—Es decir, a mayor gloria suya.
—Tiene derecho. Ha salvado a Roma del desastre. Sin él, probablemente el Imperio ya no existiría.
—Pero tal vez lo conduzca de nuevo al abismo. El rey de Persia, Bahram, es un diletante. Su padre, Sapor, o su hermano mayor, Ormazd, eran hombres de palabra. Con ambos llegamos a acuerdos, a pesar de nuestras disputas, y Ormazd me prometió apoyo en caso de que Palmira fuera atacada por los romanos. Pero Ormazd murió y le sucedió su hermano Bahram, y esa ayuda nunca llegó, a pesar de que firmamos un tratado entre persas y palmirenos.
—No creo que Aureliano pretenda firmar acuerdo alguno. Su intención no es pactar con los persas, sino aniquilarlos para siempre y que dejen de ser una amenaza permanente en las fronteras orientales del Imperio. Anhela conquistar Mesopotamia y convertirse en un nuevo Trajano, y superarlo si es posible.
—Hace cientos de años que romanos y persas luchan por el control de Mesopotamia. Si se siguen matando entre ellos, el final de ambos imperios puede estar cercano —dijo Zenobia.
—Tú intentaste crear un nuevo imperio entre los dos, un tercer reino, pero, querida esposa, sólo puede haber un Sol en el cielo y un emperador en la tierra. Aureliano está convencido de que cuando él sea el único señor sobre la tierra, la paz universal se instalará en los corazones de los hombres y el sueño de Octavio Augusto de un mundo unido y en paz bajo el manto protector de Roma se habrá cumplido.
—¿Existe alguna profecía sobre eso en vuestros libros, sean los
Linteos
o los
Sibilinosi
—preguntó Zenobia con ironía.
—Claro que sí. Hay una profecía que señala que un monarca aparecerá para unir al mundo y librarlo de todos los males que lo acechan. Aureliano está convencido de que es él.
—Los cristianos aseguran que ese rey ya vivió, en Judea, hace varios siglos, y que ellos son los depositarios del mensaje de salvación del mundo. Los judíos, en cambio, todavía siguen esperando a su propio mesías salvador que restituya la paz y los devuelva a su tierra. ¿Qué pueblo no tiene esperanza en un redentor que lo libere de las miserias de la vida en la tierra? Sólo los griegos carecen de ese salvador universal, tal vez porque sus filósofos son los que más han escudriñado en el alma de los hombres, los que han ido más allá en el conocimiento de nuestro ser. Y tal vez por eso han renunciado a creer en un mesías.
—Se cumpla o no esa profecía, lo cierto es que Aureliano se dirige con sus tropas camino de Mesopotamia, y que no va a cejar en su empeño hasta que sus estandartes se claven sobre los muros de Ctesifonte.
—¿Crees que lo logrará?
—Estoy seguro. Aureliano no ha fallado jamás. Y, en esta ocasión, dispone de las mejores tropas de Roma. Sí, creo que Persia sucumbirá a su ataque y que ese reino pronto será una provincia más del Imperio romano.
—Hispania tardó en ser ocupada por completo más de dos siglos y, desde luego, esa región no era tan poderosa ni estaba tan poblada como Persia —alegó Zenobia.

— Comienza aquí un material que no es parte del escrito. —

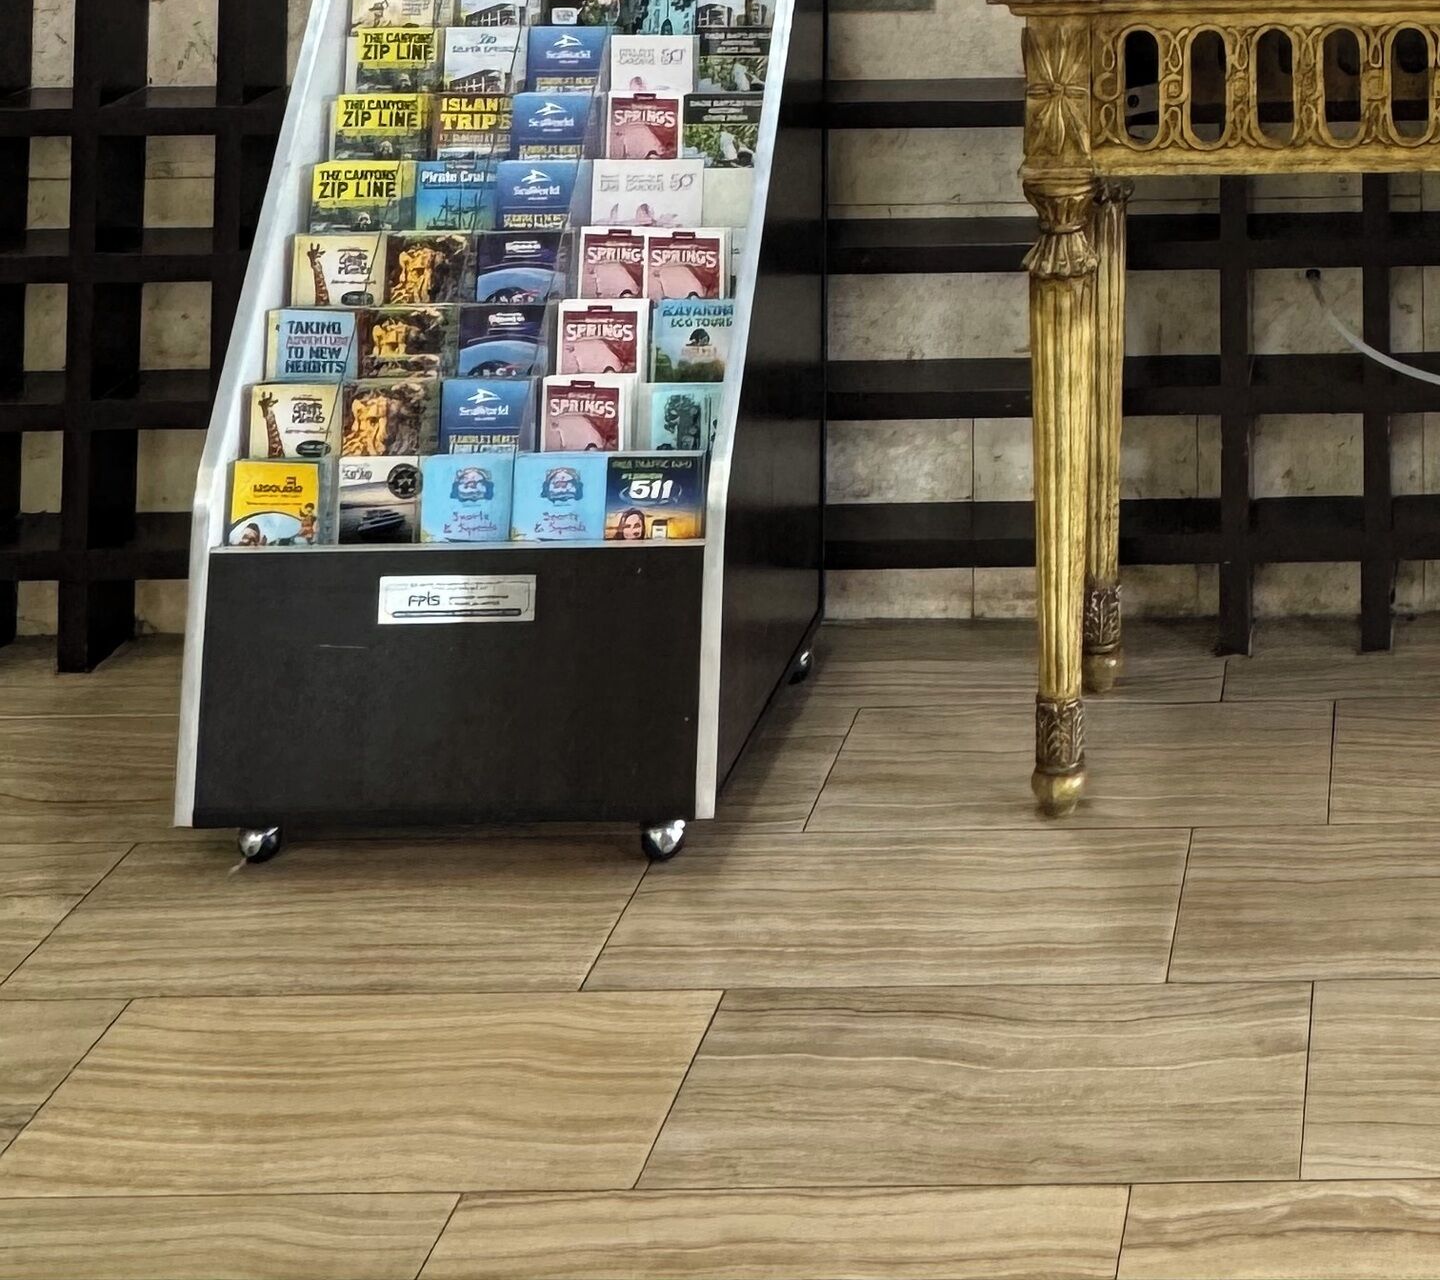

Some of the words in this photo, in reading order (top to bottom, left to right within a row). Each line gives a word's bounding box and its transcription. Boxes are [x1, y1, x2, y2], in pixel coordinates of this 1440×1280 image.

—Pero Alejandro Magno conquistó Persia entera en diez años, Julio César sometió las Galias en sólo cinco y Trajano la Dacia en tres. El tiempo de una conquista depende de las cualidades del general que la dirige, y sabes bien que Aureliano es el más grande general de este tiempo, tal vez de todos los tiempos.
—¿Lo consideras superior a Alejandro, a Escipión o a Aníbal?
—Si ocupa Persia, será el más grande conquistador de todos los tiempos. De eso sí estoy seguro.
Roma, otoño de 275;
1028 de la fundación de Roma
Aquel verano se alargó y el Senador y Zenobia regresaron a Roma unos días más tarde de lo habitual. En la capital del Imperio ya se habían celebrado los juegos en honor de Júpiter Capitolino, con los cuales se daba por iniciada la nueva temporada.
Ya en Roma, el Senador se enteró de que Aureliano había ido de Atenas a Tracia para sofocar la incursión de una partida de bandidos escitas que merodeaba por esa región. Desde allí se dirigiría a Bizancio, donde prepararía el avance hacia Mesopotamia siguiendo una ruta similar a la que había recorrido cuando conquistó Palmira. En realidad, lo que pretendía era añadir un par de legiones más a las cinco con las que ya contaba, reclutando legionarios de varias cohortes de guarnición en algunas ciudades de Anatolia y del norte de Siria.
—No hay buenos presagios para la campaña de Persia —comentó el Senador a su esposa al regreso de una sesión rutinaria en el Senado.
—¿Otra estatua de Trajano partida por un rayo?
—No. Se ha visto volar a varios cuervos a la izquierda del Capitolio; en Campania nacieron este verano dos terneros unidos por el vientre que murieron a las pocas horas, y se dice que en la piel de uno de ellos podía leerse con claridad el nombre de Aureliano escrito en letras púrpuras; una nave que procedía de Gades cargada de lingotes de cobre se ha hundido a la entrada del puerto de Ostia justo cuando el sol se ponía en el horizonte; las entrañas de un cordero sacrificado a Apolo han salido negras como la noche; y un velo del templo de Vesta se ha rasgado de arriba abajo esta madrugada sin que al parecer hubiera nadie dentro. Todos ésos son malos presagios; los miembros del colegio de los augures han determinado que algo funesto va a ocurrir en Roma.
—Cosas como ésas pasan todos los días —se limitó a decir Zenobia.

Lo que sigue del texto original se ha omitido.